Who is the audience? Is it a children’s book? Is it a YA novel? Is it a picture book? Is there a market for it? If your work can reach a secondary audience name them as well. Basically, name all parties that might be interested in this book. Don’t be bashful, but be realistic. Your grandma will probably not be interested in your book on Weapons of the World.

III. About the Author

This is your time to shine. Who are you? What is your experience or credentials? Do you have a blog or twitter following? Do you have another platform? One thing to be encouraged by is if you are a first time author there are agencies that are looking especially for first time novelists. You don’t have to have 300 short stories published for someone to read your work. Though, it wouldn’t hurt.

IV. Competition

If there is an audience, what other books are currently reaching them?
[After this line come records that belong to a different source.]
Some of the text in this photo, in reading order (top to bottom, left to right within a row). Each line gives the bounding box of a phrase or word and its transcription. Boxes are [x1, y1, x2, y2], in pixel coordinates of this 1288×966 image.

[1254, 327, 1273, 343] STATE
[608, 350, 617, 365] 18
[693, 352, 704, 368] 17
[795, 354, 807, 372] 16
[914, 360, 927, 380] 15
Please do not say you are writing a YA book that reaches the EXACT SAME audience as Harry Potter. While it may be true, it draws unfair comparisons. Know other books that might be in closer competition.
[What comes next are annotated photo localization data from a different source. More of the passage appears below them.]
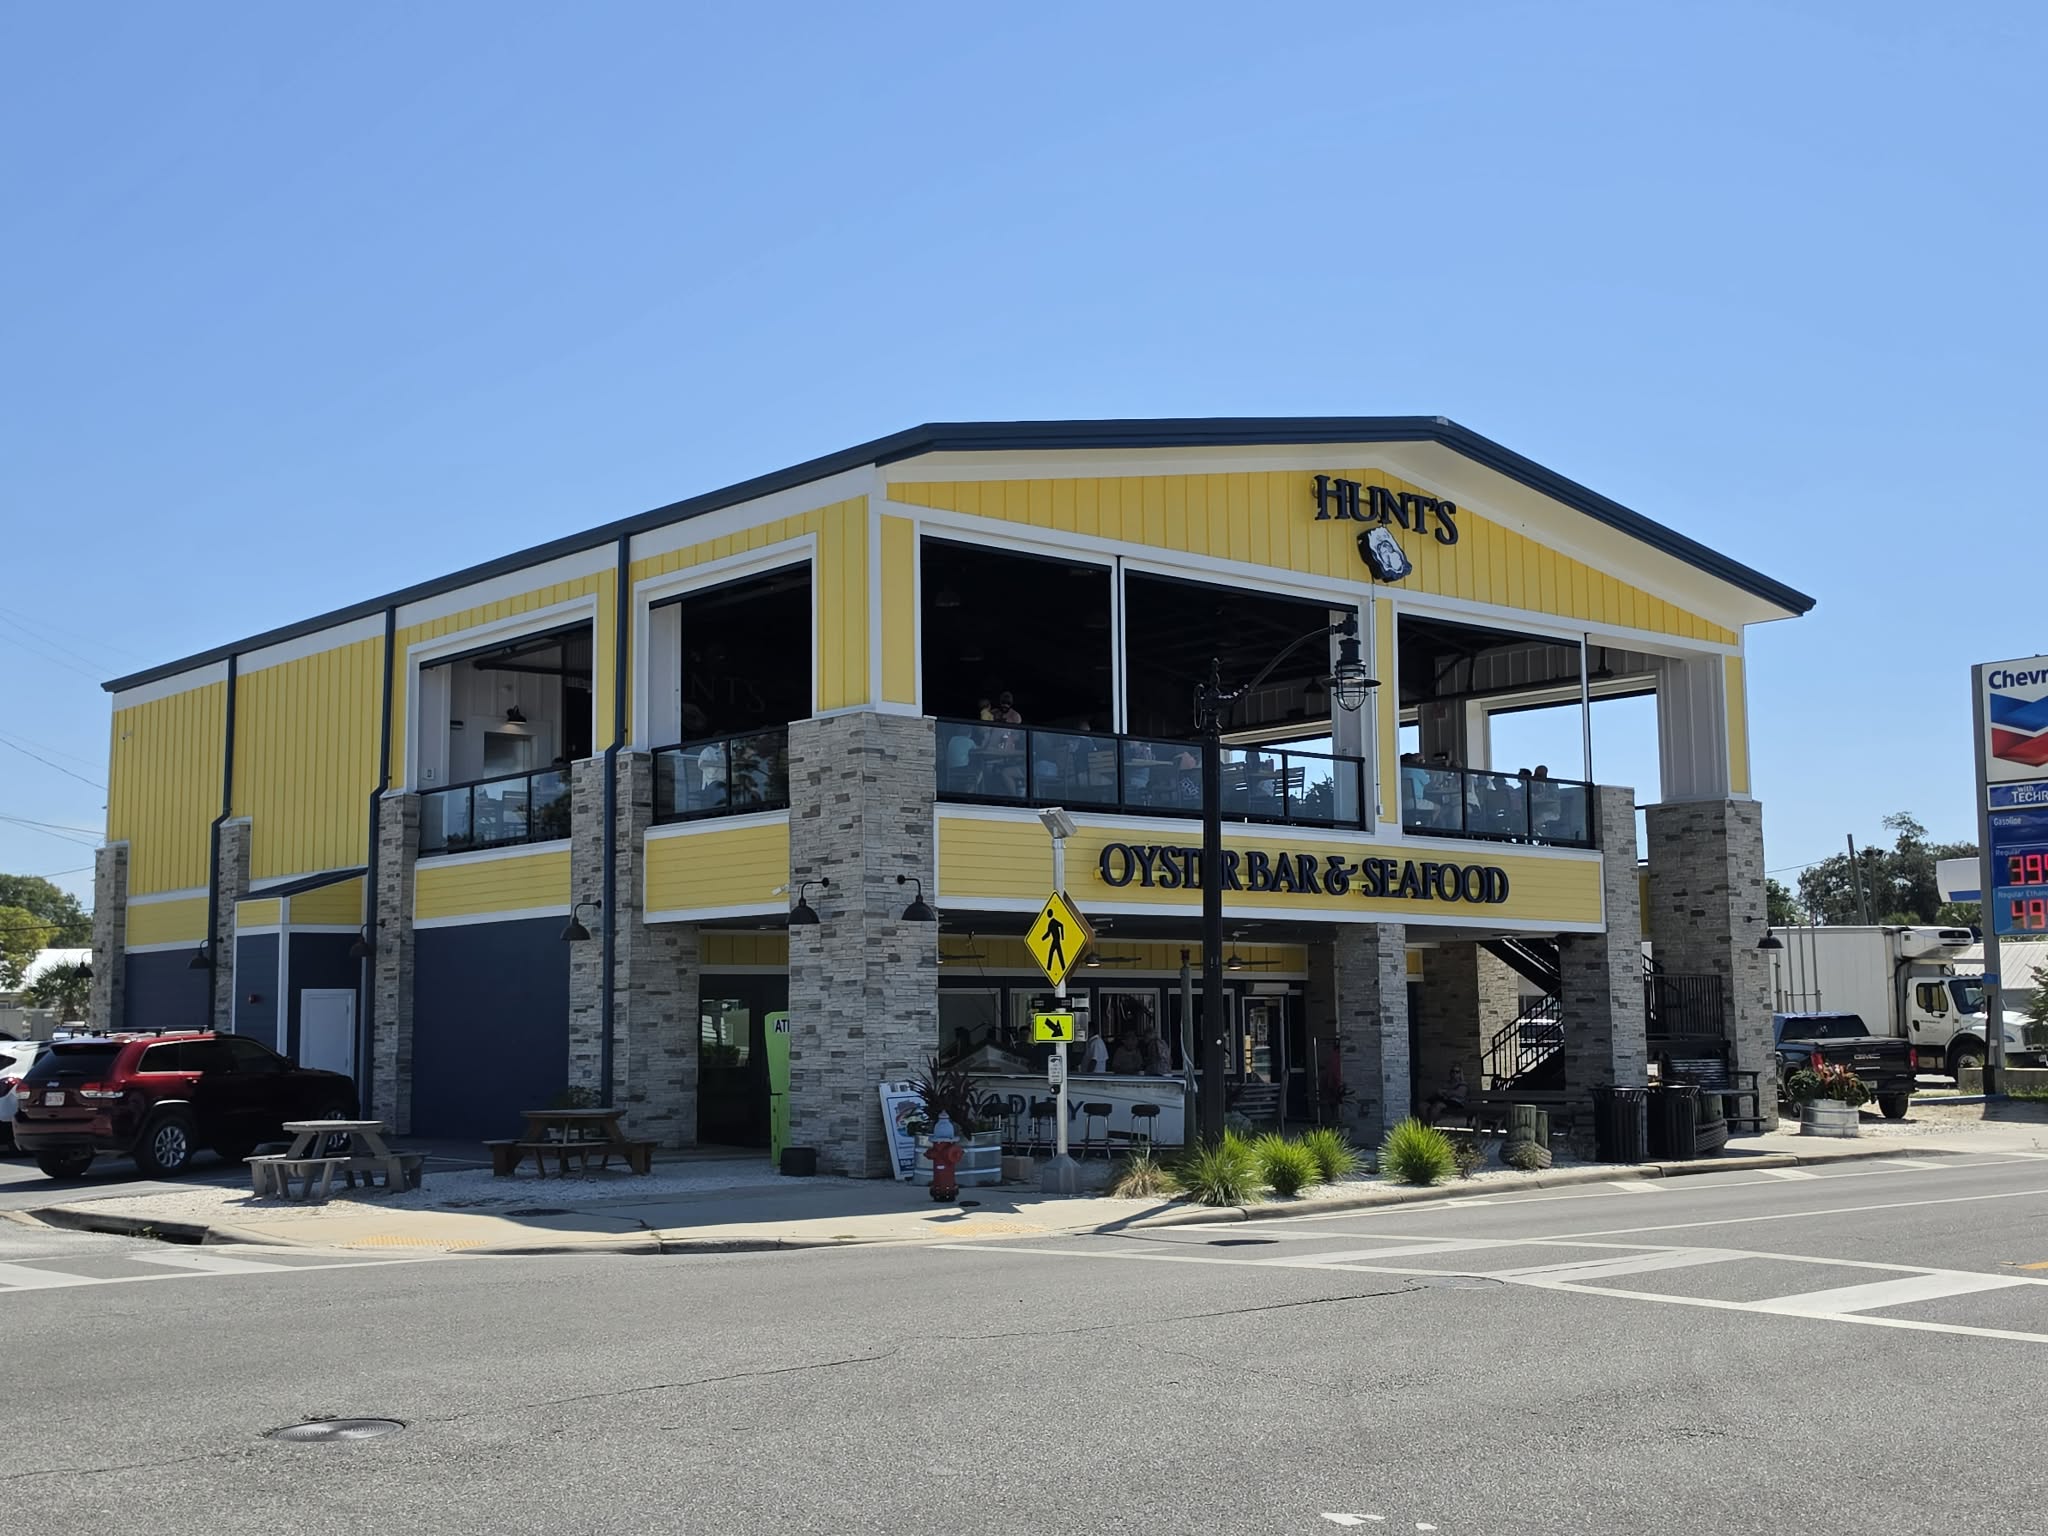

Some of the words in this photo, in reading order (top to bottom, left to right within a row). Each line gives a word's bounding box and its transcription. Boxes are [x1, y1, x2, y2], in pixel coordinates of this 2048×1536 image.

[1314, 475, 1458, 545] HUNT'S
[2017, 785, 2034, 793] with
[1993, 816, 2022, 826] Gasoline
[1245, 851, 1322, 894] BAR
[1324, 856, 1359, 896] &
[1362, 857, 1509, 903] SEAFOOD
[1997, 890, 2024, 899] Regular
[775, 1019, 790, 1033] AT
If you are writing a Romance novel, read the back of every romance novel in your local bookstore then write down the ones that sound similar to yours. After this, go home and research them until you are the expert in what is selling, and how you can do better.

V. Marketing and Promotion

Unfortunately, authors are expected to do more for their sales in recent years, especially if they want to be successful. This means speaking engagements. This means book signings and radio or television appearances and interviews in the local paper or your favorite magazine.

This might sound both intimidating and presumptuous. The best place to start might be an author you know who has experience in these sorts of things. If not, ask the local bookstore manager how authors do book signings and even go to a few of them yourself. Then check at the library to find out what you need to do to get some talking time there. Also, if there is a local radio station or university that owns a radio station or television spot, call and talk with them.

Don’t forget your blog, Twitter account, Facebook, and any other social media/writing outlet you might utilize. All can be used for the promotion of your book.

VI. Sample Chapters

I don’t think I need to say a whole lot about this but the particular agency where you are sending your novel may have certain criteria. It might be the first two, three, or five chapters or merely a few of the best chapters in your book. Read the guidelines carefully and do EXACTLY what they say.

In conclusion, the one thing I would like to stress the most if I have not already is, be sure you follow the rules! Don’t deviate. Don’t be “creative” or try to stand out. Don’t reformat your proposal using cute font. Be professional and serious, no rose perfumed parchment. I don’t know how many times I have read or listen to an interview with an agent that said the reason a lot of novels are disqualified is because they are either not good, or don’t follow the directions in the submission process.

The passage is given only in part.